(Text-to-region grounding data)
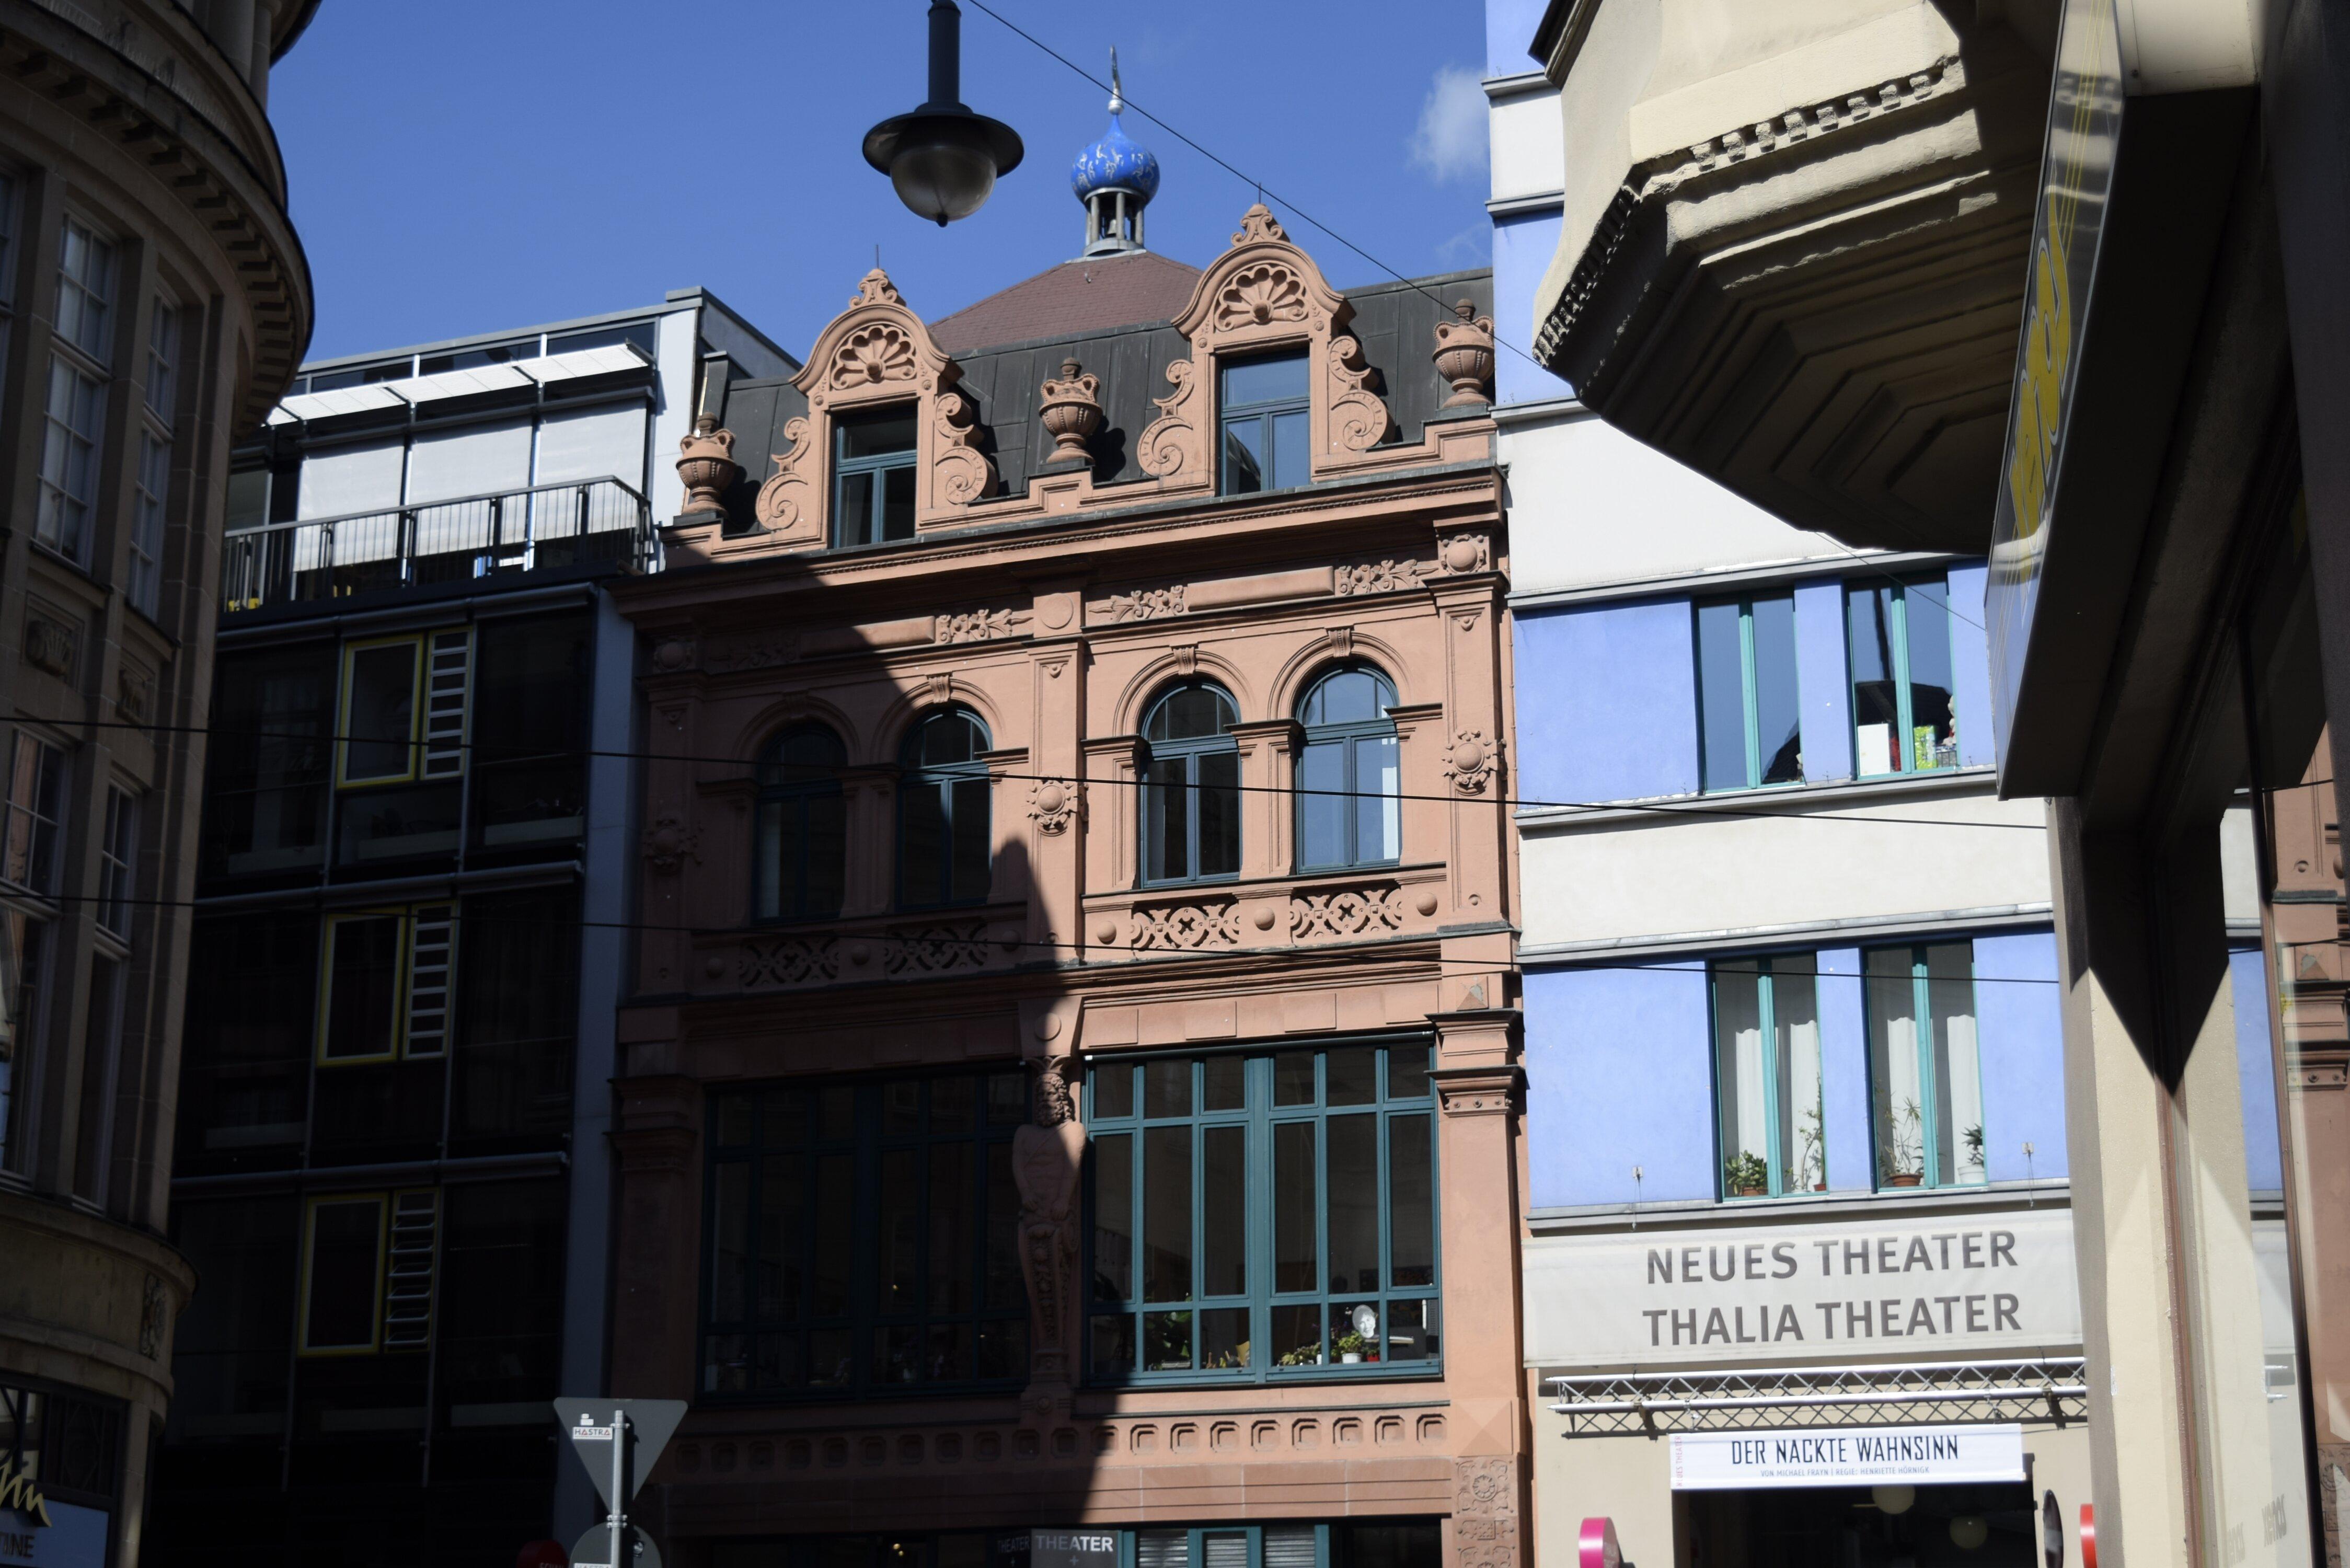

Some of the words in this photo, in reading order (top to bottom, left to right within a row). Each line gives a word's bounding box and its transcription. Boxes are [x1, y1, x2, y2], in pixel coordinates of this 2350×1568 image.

[1646, 1242, 1798, 1284] NEUES
[1813, 1229, 2019, 1277] THEATER
[1642, 1304, 1804, 1346] THALIA
[1815, 1293, 2022, 1339] THEATER
[1675, 1435, 1683, 1464] THEATER
[1732, 1440, 1766, 1464] DER
[1776, 1438, 1847, 1464] NACKTE
[1856, 1435, 1959, 1462] WAHNSINN
[1898, 1465, 1930, 1473] HÖRNIGK
[996, 1536, 1030, 1553] THEATER
[1035, 1535, 1113, 1552] THEATER

Assignment:
A complete and exact copy of the records is required. Exclude the pictures.

Response area:
Some of the words in this photo, in reading order (top to bottom, left to right within a row). Each line gives a word's bounding box and its transcription. Boxes are [x1, y1, x2, y2], in pixel coordinates of this 2350×1568 image.

[1646, 1242, 1798, 1284] NEUES
[1813, 1229, 2019, 1277] THEATER
[1642, 1304, 1804, 1346] THALIA
[1815, 1293, 2022, 1339] THEATER
[1675, 1435, 1683, 1464] THEATER
[1732, 1440, 1766, 1464] DER
[1776, 1438, 1847, 1464] NACKTE
[1856, 1435, 1959, 1462] WAHNSINN
[1898, 1465, 1930, 1473] HÖRNIGK
[996, 1536, 1030, 1553] THEATER
[1035, 1535, 1113, 1552] THEATER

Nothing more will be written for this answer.